Я заглянул через неделю, накануне Нового года. Спросил, где она будет встречать праздник.
– Дома, – сказала она.
– А я, как всегда, вечером заскочу к Марине и Кириллу, а потом поеду в Переделкино к моему другу Мише Манцеву. Там будет вся наша писательская братия. Правда, я сейчас пишу только аналитические записки, всевозможные справки и официальные письма. Можно сказать, поэт канцелярской прозы. Но с писательским цехом связь продолжаю поддерживать. Яркая публика. И в общем, хорошая… – Помолчав несколько мгновений, добавил: – Если хочешь, можешь поехать со мной.
– С удовольствием бы поехала, – мечтательно проговорила Настя. – Но… как же я брошу Васю?
– Он будет спать.
– Нет. Он всегда ждет наступления Нового года.
– Могу заехать за тобой позже.
– Не надо, – мягко отказалась Настя.
То, что она не упомянула Эдуарда, порадовало меня. Хотя это была глупая радость.
Через три дня я осуществил намеченное: заехал к Марине и Кириллу, вручил им подарки, наскоро купленные в ГУМе, немного выпил, немного закусил, а потом отправился в Переделкино.

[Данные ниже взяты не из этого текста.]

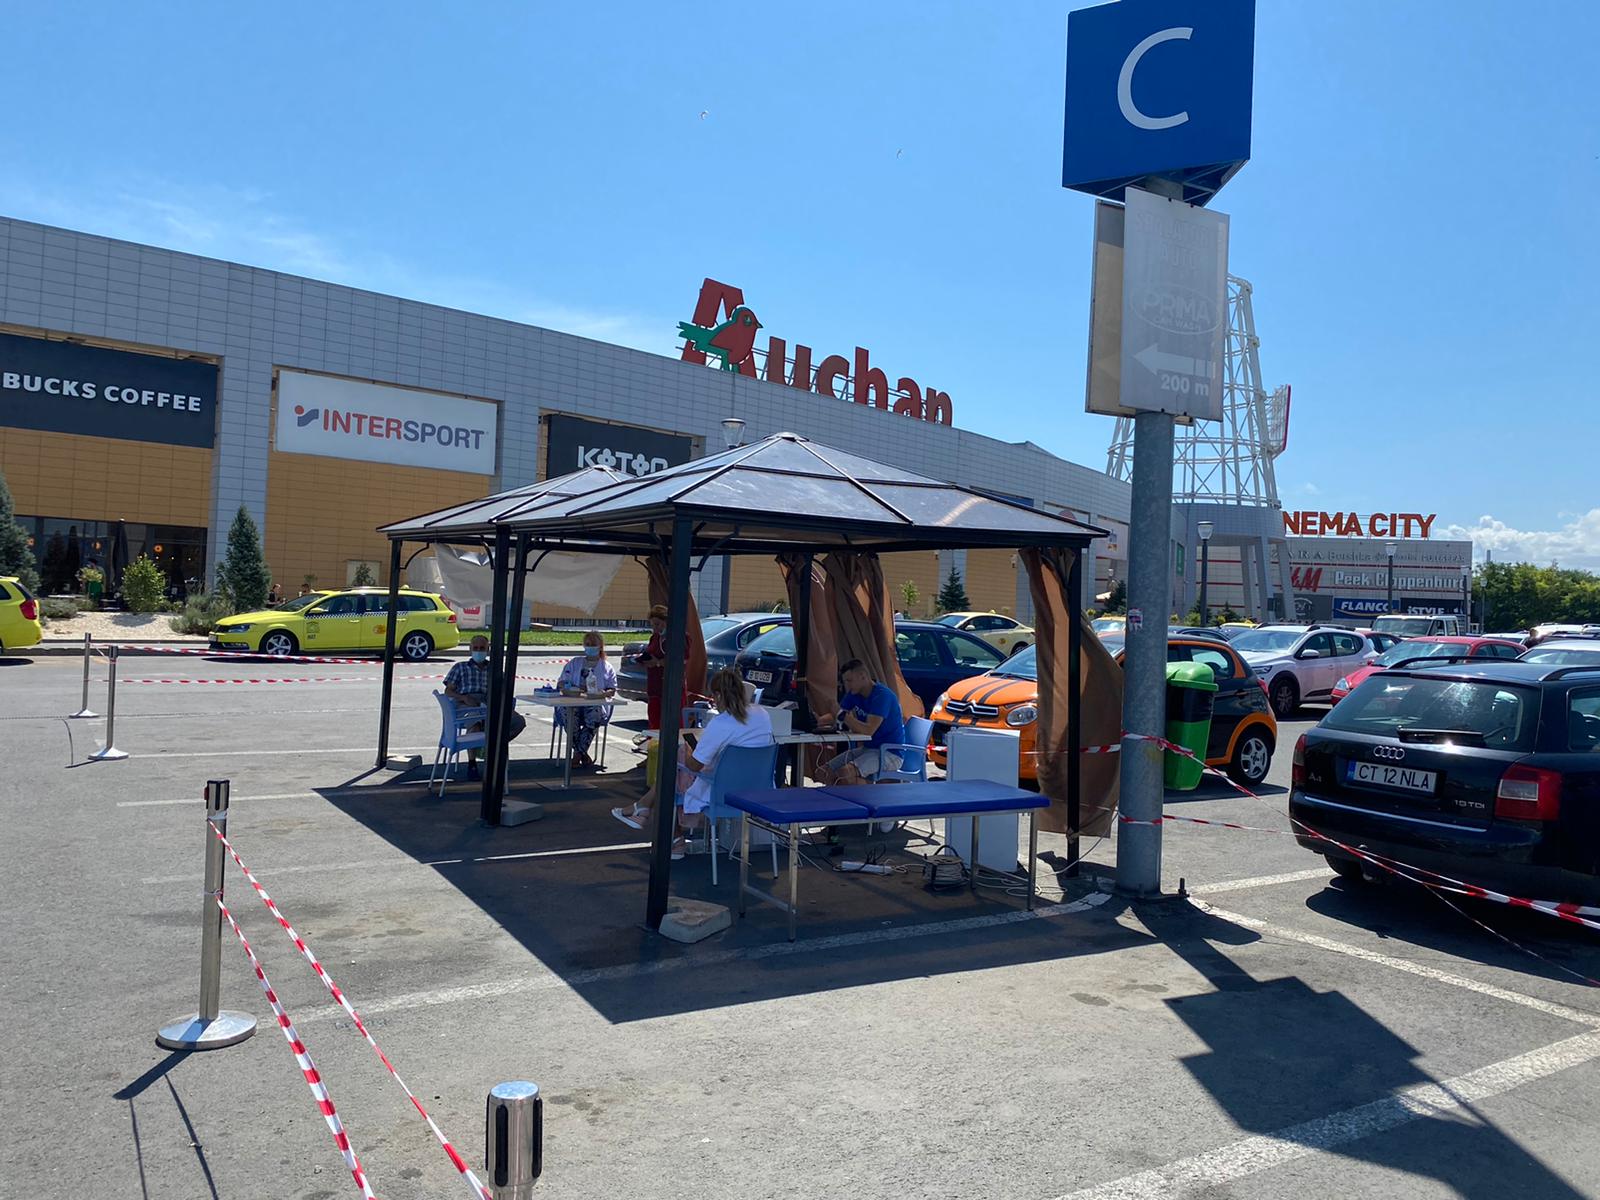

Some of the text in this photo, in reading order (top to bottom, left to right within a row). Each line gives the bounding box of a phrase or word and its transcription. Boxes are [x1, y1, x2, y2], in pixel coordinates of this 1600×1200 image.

Все повторилось – и возгласы: «Кремлевский затворник! Налейте ему! Налейте!», и захватанный стакан, который был экстренно наполнен, и совместные усилия по изничтожению вина и водки. Потом Лесин, Ваксберг, Ушаков выспрашивали у меня: «Старик, что сейчас пишешь?» – «Исключительно деловые письма и аналитические записки», – вновь бойко отвечал я. А они рассказывали про новые романы, повести, рассказы. И я по-прежнему ничуть не завидовал им.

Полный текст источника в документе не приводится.